I suggest you pick up and read "Galileo's Middle Finger" [1] by Alice Dreger. In short it points to hypocrisy when dogma and science collide. When your worldview is shattered by actual science and how we can be better people by not politicizing science only when convenient.

NYMag had a decent review too. [2]

[1] https://www.amazon.com/Galileos-Middle-Finger-Heretics-Activ...

[2] http://nymag.com/scienceofus/2015/12/when-liberals-attack-so...

I'm familiar with the premise, and don't disagree. I'm just of the opinion that for a social science to ignore biology is probably fine at a certain level of abstraction. I'm not arguing anything else at all.

Again, this is a bit outside of the areas in social science in which I regularly read. So if a particular set of dogmatic ideas run counter to our best scientific understanding, then those ideas deserve criticism. I think we agree on that.

I'm not an expert in these topics either. So I'd agree if used responsibly there's certainly room to abstract something away. So long as the sophisticated theory it is derived from and simplifies does not. And that's my problem.

My only point in my original comment was that the deliberate rejection of empiricism isn't reserved just for the dogma of the rightwing in the USA. The leftwing is just as guilty. And this concerns me a lot.

Seriously, if you find time read the book I recommended. Or at least the NYTimes or NYMag's review of it.

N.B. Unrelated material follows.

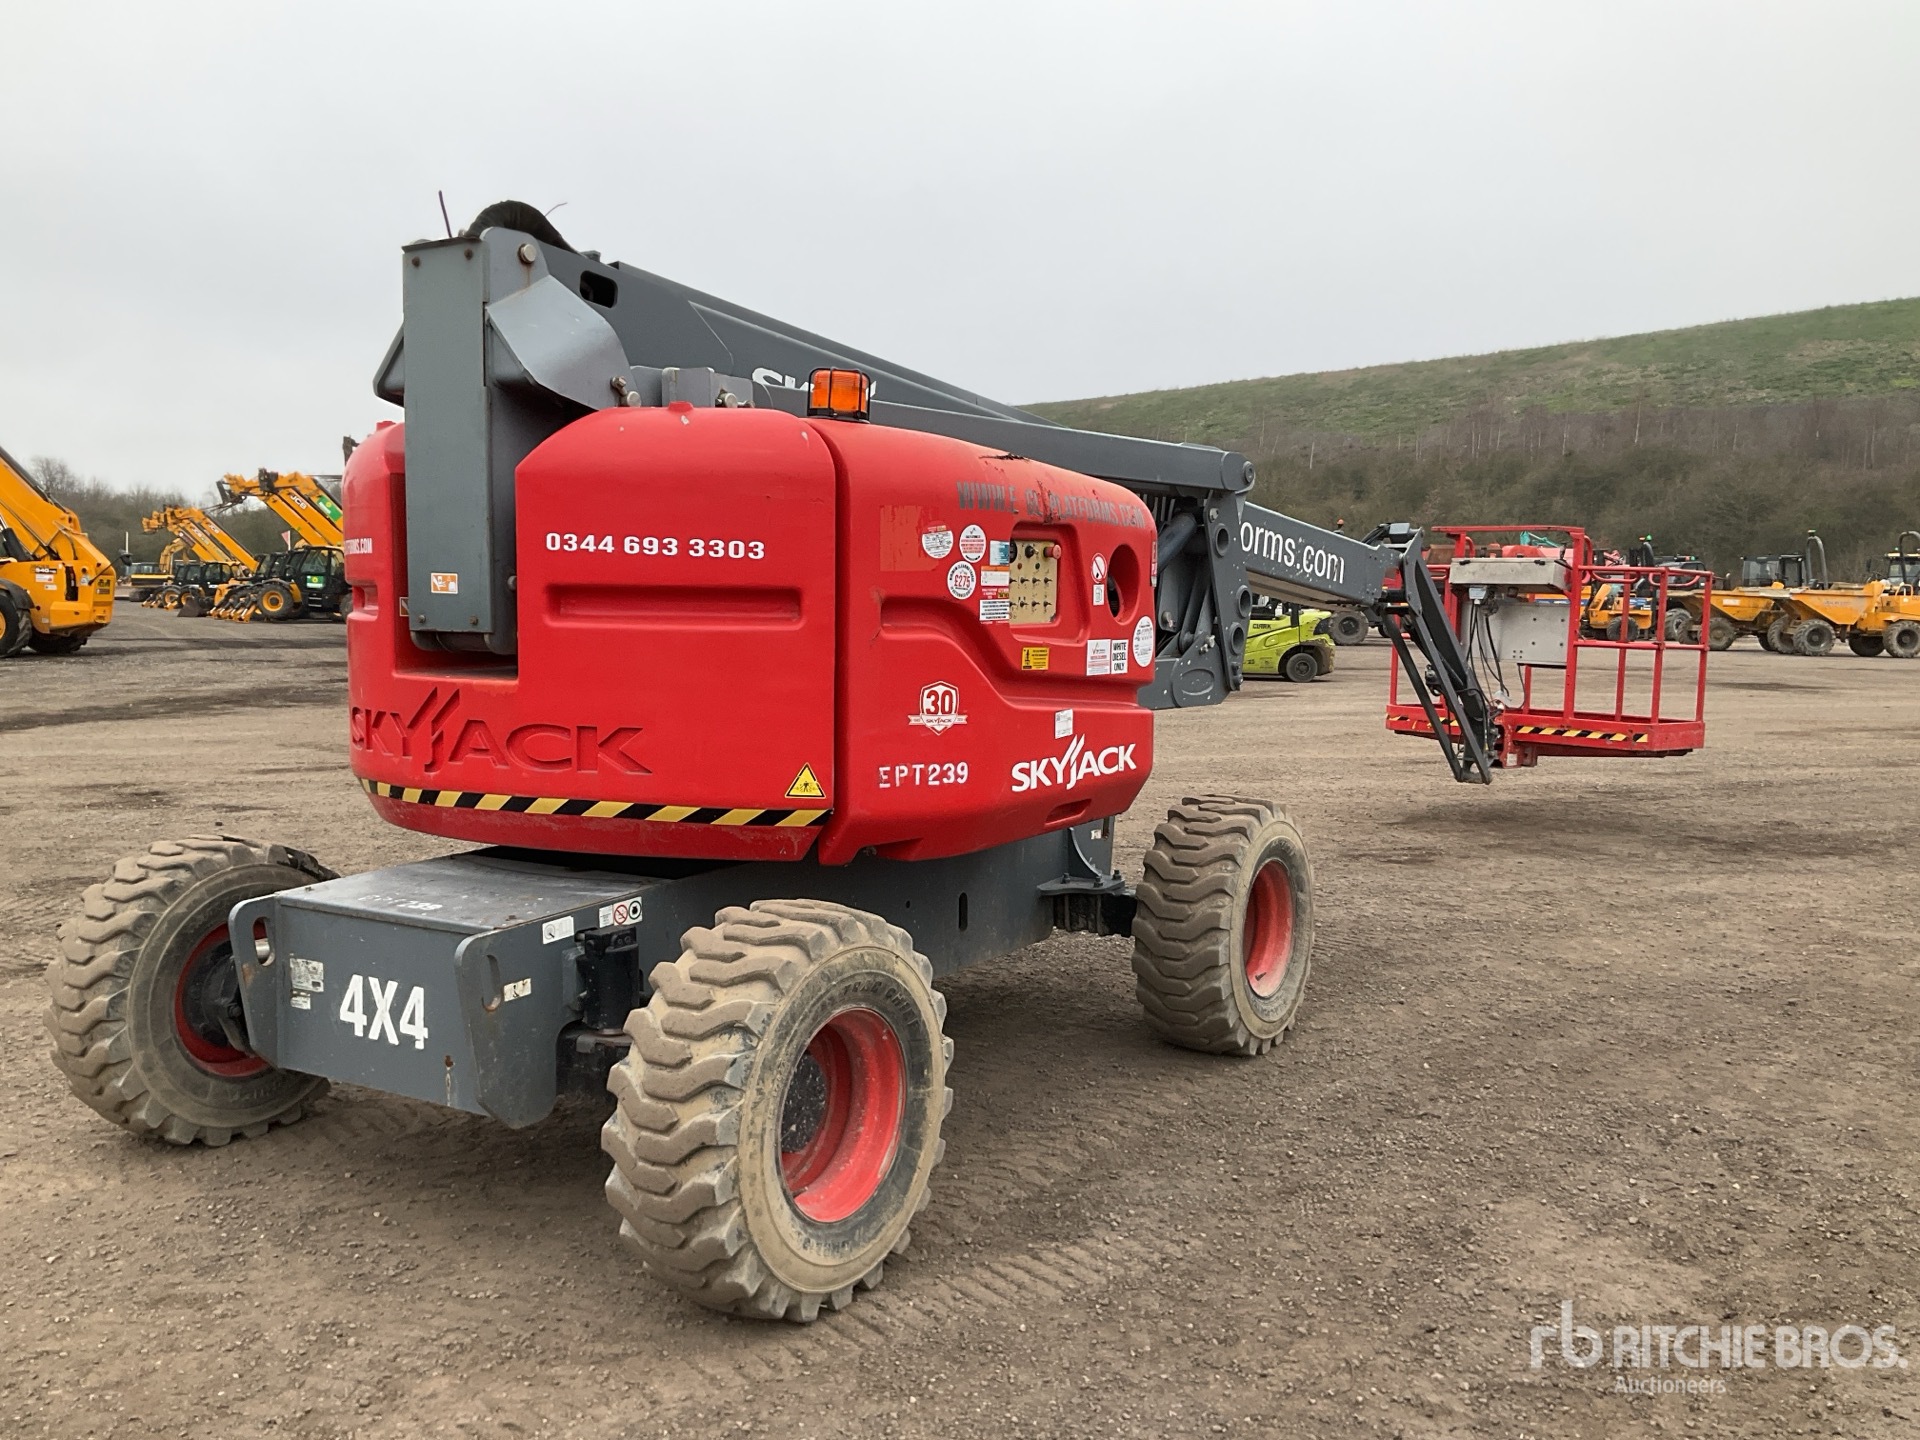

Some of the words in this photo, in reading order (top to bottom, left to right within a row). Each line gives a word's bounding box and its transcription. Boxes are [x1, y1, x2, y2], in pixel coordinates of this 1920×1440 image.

Yeah, I read the review a while back actually. While I agree that science denialism isn't the sole domain of the American right, it is think more broadly embraced in right of center political circles, and I believe the most visible public science deniers in the US are part of the political right. I don't think that's anything inherent in the political ideology per se, but a result recent historical accident, the "southern strategy", and the embrace by the American right of evangelical voters.

That said, the left has anti-vaccine nuts so no political leaning is immune.